**Work to complete:** Apart from the pictures, please restate every entry below exactly.

**The data:**
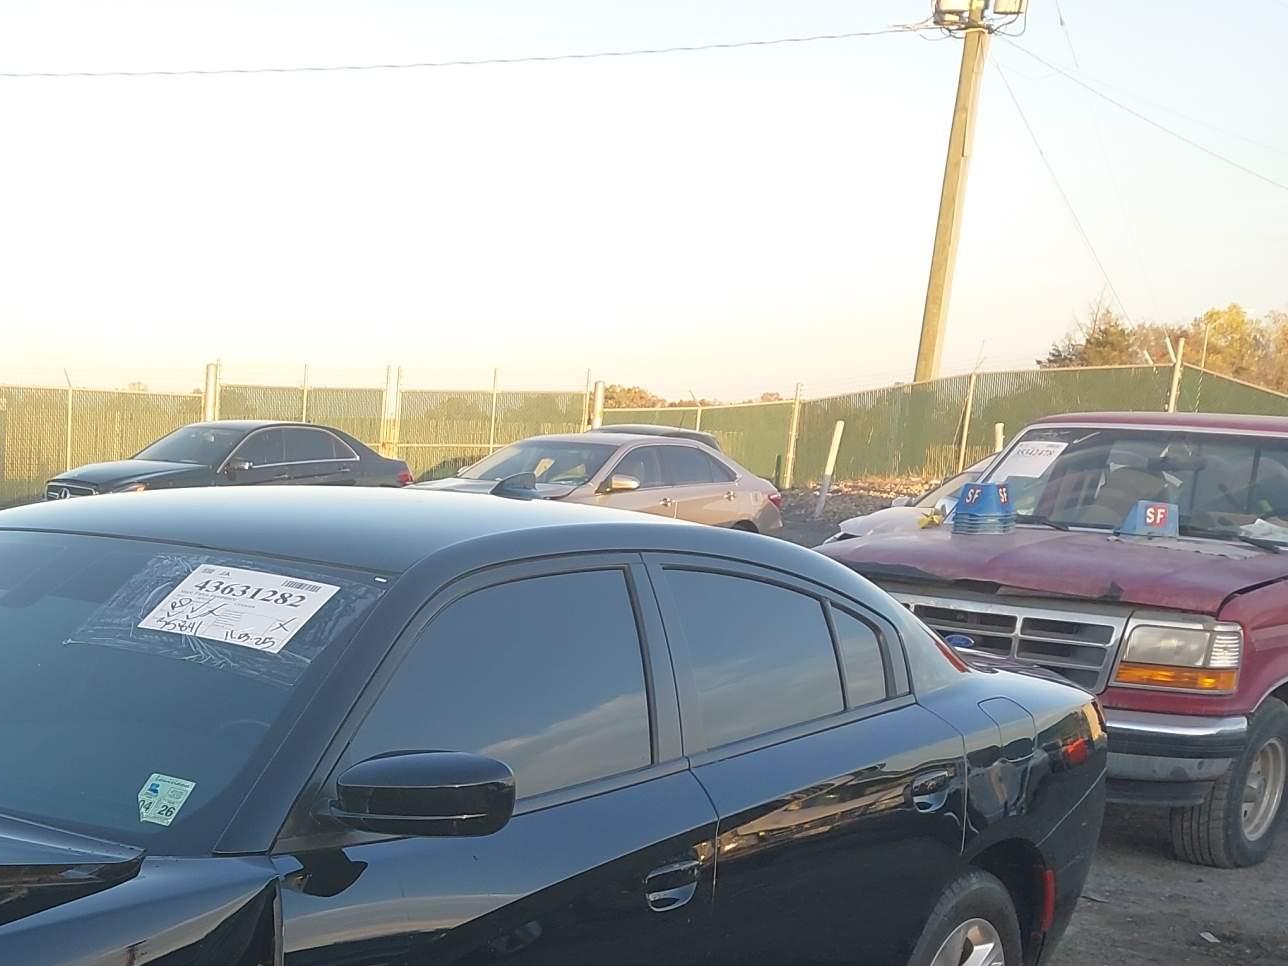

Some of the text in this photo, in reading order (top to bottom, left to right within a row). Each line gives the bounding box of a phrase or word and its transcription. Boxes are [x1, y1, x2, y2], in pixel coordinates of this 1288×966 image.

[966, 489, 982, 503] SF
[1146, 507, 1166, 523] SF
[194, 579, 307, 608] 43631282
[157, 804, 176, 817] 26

**Final answer:**
Some of the text in this photo, in reading order (top to bottom, left to right within a row). Each line gives the bounding box of a phrase or word and its transcription. Boxes are [x1, y1, x2, y2], in pixel coordinates of this 1288×966 image.

[966, 489, 982, 503] SF
[1146, 507, 1166, 523] SF
[194, 579, 307, 608] 43631282
[157, 804, 176, 817] 26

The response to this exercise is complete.